What is different about living alone with cancer in older age? A qualitative study of experiences and preferences for care
1 Hull York Medical School, Department of Health Sciences, University of York, Seebholm Rowntree Building, Heslington, York YO10 5DD, UK
2 Faculty of Health Sciences, University of Southampton, Southampton, UK
3 School of Nursing Sciences, University of East Anglia, Norwich, UK
4 Department of Public Health and Policy, University of Liverpool, Liverpool L69 3GB, UK
5 School of Nursing, Midwifery and Social Work, University of Manchester, Manchester, UK
6 Division of Health Research, Lancaster University, Lancaster, UK
7 School of Nursing, Midwifery and Physiotherapy, University of Nottingham, Nottingham, UK
BMC Family Practice 2013, 14:22 doi:10.1186/1471-2296-14-22Published: 20 February 2013
Increasing numbers of older patients with advanced cancer live alone but there is little research on how well health services meet their needs. The aim of this study was to compare the experiences and future preferences for care between two groups of older people with cancer in their last year of life; those who live alone, and those who live with co-resident carers.

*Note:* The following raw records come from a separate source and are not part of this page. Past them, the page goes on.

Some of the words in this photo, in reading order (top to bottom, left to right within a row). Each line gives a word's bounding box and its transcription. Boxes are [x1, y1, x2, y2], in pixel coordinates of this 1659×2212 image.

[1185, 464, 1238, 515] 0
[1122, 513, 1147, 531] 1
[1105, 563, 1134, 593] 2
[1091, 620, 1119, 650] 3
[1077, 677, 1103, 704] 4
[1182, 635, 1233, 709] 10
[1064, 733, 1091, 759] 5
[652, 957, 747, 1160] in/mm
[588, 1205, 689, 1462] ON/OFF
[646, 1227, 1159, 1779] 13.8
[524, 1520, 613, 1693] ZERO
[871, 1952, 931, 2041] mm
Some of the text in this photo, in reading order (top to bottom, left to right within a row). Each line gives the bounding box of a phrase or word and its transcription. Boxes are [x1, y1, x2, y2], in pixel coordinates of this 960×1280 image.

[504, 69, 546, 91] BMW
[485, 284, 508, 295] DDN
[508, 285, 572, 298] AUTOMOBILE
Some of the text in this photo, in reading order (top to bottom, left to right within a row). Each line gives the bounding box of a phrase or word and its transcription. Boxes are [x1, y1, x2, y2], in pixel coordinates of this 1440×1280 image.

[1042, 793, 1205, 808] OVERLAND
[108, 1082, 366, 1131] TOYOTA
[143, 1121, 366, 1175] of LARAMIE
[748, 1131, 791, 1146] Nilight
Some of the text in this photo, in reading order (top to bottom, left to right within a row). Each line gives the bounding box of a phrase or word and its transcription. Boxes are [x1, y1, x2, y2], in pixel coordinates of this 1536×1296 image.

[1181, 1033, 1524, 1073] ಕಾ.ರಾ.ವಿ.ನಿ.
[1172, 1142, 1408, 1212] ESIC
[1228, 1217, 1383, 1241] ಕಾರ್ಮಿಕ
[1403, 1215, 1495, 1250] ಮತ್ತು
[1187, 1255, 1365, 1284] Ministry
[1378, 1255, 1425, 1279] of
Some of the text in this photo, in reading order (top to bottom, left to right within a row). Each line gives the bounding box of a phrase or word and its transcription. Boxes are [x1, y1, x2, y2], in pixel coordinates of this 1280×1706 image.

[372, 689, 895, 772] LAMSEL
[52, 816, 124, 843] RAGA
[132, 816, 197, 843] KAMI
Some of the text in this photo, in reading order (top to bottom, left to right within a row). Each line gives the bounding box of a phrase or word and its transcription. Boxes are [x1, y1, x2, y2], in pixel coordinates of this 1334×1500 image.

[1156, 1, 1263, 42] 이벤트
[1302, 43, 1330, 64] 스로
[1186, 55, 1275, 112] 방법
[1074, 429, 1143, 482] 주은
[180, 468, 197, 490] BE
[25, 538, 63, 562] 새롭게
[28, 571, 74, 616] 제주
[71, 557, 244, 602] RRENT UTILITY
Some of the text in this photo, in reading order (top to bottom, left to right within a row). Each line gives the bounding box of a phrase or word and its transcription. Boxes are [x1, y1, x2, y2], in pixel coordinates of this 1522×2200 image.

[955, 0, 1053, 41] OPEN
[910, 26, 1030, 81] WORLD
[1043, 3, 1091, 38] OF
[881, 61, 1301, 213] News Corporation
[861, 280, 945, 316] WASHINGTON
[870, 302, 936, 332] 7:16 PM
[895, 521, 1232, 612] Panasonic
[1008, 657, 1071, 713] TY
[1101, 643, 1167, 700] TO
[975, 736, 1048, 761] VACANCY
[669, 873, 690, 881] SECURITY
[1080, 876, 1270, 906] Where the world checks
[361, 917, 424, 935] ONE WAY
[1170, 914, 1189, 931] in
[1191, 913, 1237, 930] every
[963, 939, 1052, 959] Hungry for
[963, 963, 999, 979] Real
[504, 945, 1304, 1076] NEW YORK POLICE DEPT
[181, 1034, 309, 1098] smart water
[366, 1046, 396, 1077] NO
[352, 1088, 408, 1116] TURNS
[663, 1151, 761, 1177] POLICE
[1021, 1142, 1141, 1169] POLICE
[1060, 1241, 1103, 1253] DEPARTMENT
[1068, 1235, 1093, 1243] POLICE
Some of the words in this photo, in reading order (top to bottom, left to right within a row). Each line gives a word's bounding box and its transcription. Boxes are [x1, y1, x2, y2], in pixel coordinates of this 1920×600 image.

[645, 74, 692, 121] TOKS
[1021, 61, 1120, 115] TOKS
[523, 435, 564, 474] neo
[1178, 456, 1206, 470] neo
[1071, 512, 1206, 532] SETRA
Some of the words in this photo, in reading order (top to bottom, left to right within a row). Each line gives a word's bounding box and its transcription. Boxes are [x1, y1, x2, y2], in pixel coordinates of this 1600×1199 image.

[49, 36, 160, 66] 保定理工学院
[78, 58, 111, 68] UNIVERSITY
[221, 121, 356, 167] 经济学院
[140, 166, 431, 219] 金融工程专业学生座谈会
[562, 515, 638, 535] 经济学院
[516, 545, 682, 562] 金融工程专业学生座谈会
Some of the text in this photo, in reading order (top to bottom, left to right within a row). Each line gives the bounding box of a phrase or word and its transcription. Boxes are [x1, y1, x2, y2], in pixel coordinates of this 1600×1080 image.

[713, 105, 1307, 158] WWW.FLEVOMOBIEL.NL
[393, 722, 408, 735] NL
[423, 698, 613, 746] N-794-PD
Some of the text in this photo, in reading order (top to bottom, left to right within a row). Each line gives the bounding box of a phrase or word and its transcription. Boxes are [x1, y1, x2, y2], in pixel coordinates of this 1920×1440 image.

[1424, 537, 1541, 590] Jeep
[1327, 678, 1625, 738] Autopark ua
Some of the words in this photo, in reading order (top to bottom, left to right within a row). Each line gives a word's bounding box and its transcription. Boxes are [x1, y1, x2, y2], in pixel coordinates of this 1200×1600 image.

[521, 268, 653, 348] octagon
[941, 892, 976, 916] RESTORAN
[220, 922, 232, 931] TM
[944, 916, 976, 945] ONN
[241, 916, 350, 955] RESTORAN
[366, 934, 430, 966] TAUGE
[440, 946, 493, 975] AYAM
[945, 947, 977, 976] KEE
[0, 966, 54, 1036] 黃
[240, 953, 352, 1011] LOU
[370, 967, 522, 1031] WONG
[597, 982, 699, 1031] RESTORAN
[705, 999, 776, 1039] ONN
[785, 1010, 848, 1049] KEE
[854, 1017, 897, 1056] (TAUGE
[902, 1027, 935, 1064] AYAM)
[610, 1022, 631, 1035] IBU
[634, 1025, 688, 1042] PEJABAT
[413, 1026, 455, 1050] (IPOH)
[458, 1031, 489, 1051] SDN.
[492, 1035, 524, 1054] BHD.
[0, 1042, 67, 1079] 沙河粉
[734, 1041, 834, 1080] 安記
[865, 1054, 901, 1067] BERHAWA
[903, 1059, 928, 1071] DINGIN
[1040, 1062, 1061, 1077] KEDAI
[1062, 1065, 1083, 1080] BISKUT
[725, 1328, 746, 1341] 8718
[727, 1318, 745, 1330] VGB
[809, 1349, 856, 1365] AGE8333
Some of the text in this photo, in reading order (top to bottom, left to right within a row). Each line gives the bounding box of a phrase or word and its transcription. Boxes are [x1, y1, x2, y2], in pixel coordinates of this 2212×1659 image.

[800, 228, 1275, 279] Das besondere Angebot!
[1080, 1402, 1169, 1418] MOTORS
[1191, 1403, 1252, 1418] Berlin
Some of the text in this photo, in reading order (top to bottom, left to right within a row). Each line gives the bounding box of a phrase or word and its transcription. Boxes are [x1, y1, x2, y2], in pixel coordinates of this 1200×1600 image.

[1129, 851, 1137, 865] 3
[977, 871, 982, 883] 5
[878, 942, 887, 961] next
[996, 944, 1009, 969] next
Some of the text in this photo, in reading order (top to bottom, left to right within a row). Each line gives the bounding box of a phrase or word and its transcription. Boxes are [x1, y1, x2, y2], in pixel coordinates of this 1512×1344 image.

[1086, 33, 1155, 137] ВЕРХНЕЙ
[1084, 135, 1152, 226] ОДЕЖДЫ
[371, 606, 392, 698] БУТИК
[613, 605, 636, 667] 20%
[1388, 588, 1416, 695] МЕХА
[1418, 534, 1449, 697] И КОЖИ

In-depth qualitative interviews were conducted with 32 people aged between 70 and 95 years who were living with cancer. They were recruited from general practices and hospice day care, when the responsible health professional answered no to the question, of whether they would be surprised if the patient died within twelve months. Twenty participants lived alone. Interviews were recorded and transcribed and the data analysed using a Framework approach, focussing on the differences and commonalities between the two groups.
Many experiences were common to all participants, but had broader consequences for people who lived alone. Five themes are presented from the data: a perception that it is a disadvantage to live alone as a patient, the importance of relational continuity with health professionals, informal appraisal of care, place of care and future plans. People who lived alone perceived emotional and practical barriers to accessing care, and many shared an anxiety that they would have to move into a care home. Participants were concerned with remaining life, and all who lived alone had made plans for death but not for dying. Uncertainty of timescales and a desire to wait until they knew that death was imminent were some of the reasons given for not planning for future care needs.
Older people who live alone with cancer have emotional and practical concerns that are overlooked by their professional carers. Discussion and planning for the future, along with continuity in primary care may hold the key to enhancing end-of-life care for this group of patients.